When you're interested, you can read more about these courses and upcoming course dates on my website

And if you're curious what Sociocracy 3.0 is all about, check out my podcast: AgilewithS3.Th. This is where I share in-depth explorations of Sociocracy 3.0 in practical scenarios along with hands-on strategies for implementing Agile within an S3 context.

How do you think agile practices have transformed companies over the past two years?

Companies in many sectors are surfing the waves reverberating from Covid's influence. Changes in supply chains, customer needs, partnerships, and other complexity drivers challenge digitized organizations even more - because of internal technical dependencies of products and services, sometimes organizational structures and roles as well.

The way of working has changed also - after years of fully remote work, communication siloing, mental health challenged by isolation. Coming together to make decisions - and increase the lead time of decision making - has emerged as a new challenge.

I experience teams and leaders asking questions like, "How can we adapt to market changes, with a compass for where we are going? How can we pivot, considering the internal complexity of our products, services, tech legacy, etc…as well as external complexity drivers?"

Agile practices make our problems painfully clear.

Agile Frameworks like SAFe and Scrum have become the norm for tech businesses, and more. These frameworks give clear roles, rituals, and iteration rhythms as a blueprint for continuous learning and adaptation. In the past 2 years, I've seen companies implementing these agile roles, feedback loops, and organizational structures at scale, without developing the culture and empirical practices to get the most value from the feedback they receive.
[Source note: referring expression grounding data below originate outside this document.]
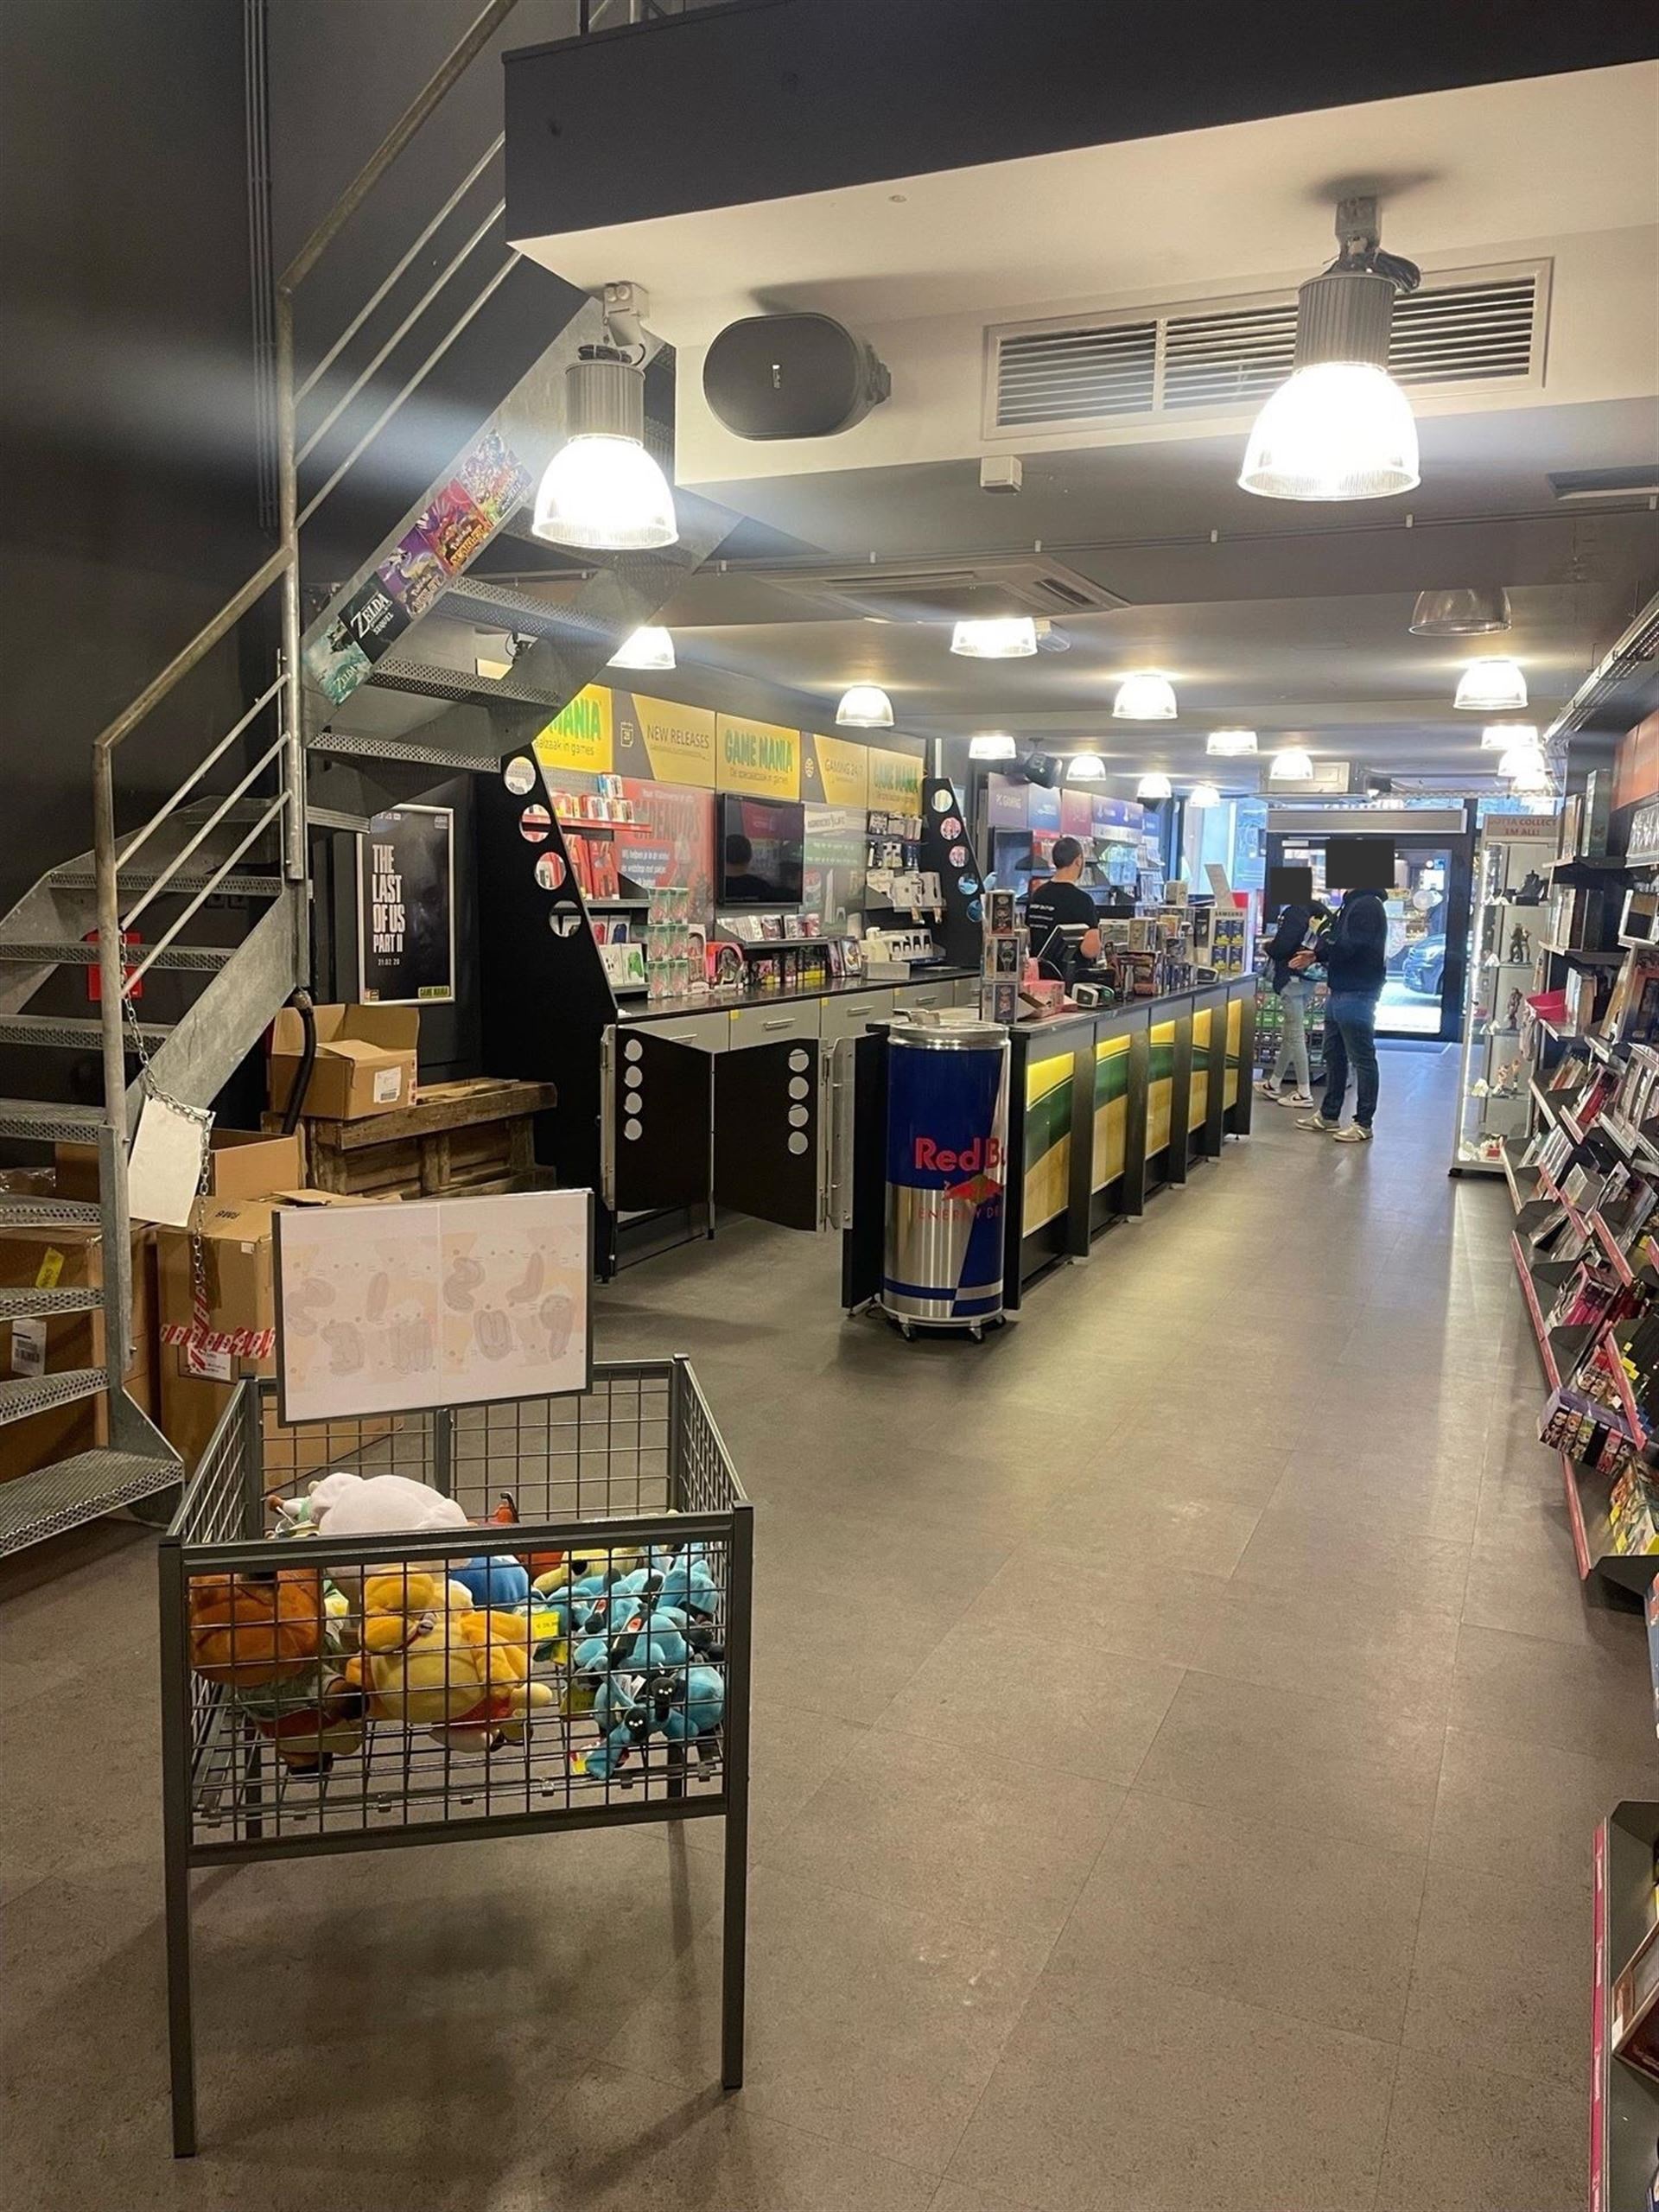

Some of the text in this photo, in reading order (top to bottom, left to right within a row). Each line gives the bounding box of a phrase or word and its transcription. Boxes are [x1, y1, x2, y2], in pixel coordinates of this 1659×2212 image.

[350, 593, 391, 639] ZELDA
[373, 613, 394, 636] SEQUEL
[571, 743, 594, 756] games
[647, 725, 710, 749] NEW RELEASES
[725, 728, 757, 767] GAME
[760, 735, 793, 773] MANIA
[1519, 818, 1556, 827] COLLECT
[372, 844, 395, 874] THE
[372, 874, 403, 904] LAST
[372, 904, 405, 933] OF US
[373, 933, 404, 953] PART II
[915, 1137, 981, 1172] Red
All too often, agile organizations become feature factories where teams and functional roles are pushed to produce at the expense of quality and sustainability. The benefit of transparent empirical information and the wisdom of the people doing the work - two main ingredients for defining complex problems effectively, creating a compass and collaborating on pivots - can be lost.

What successful cases of agile transformations have you had the opportunity to observe that have particularly stood out to you?

I've had the pleasure to support Agile transformations using a spectrum of classic Agile and Sociocracy 3.0. In my experience, companies which use empirical information and transparency well are those that create systemized engagement for decision making that is inclusive, sustainable, and results in wiser goals and actions being taken by teams and leaders. These companies utilize meeting practices, to have the discussions that need to be had with the relevant people, design experiments based on careful study of available data, run a localized, controlled experiment and study the results before designing another.

It's having the skills, patience and practice to do this fundamental practice of agile and lean - plan, do, check, act - that makes the difference. The 'check' step might need more scientific thought and analysis than we are accustomed to.

Will agile practices continue to generate interest? What challenges do you see in the context of deploying these practices?

As long as Agile practices prove useful for solving real problems, I believe teams and leaders will continue to invest in agile.

To actually solve the problems, we might need to go beyond our conventional toolkit of Agile Frameworks, blueprint roles and rituals. We need to empiricize our gut feeling, learning skills to study relevant information and design experiments, learning the most relevant models to prioritize and act effectively in complexity. I think improved methods for systemic visualization and collaborative decision-making will be the next 'big thing' for effective agile management and operational success.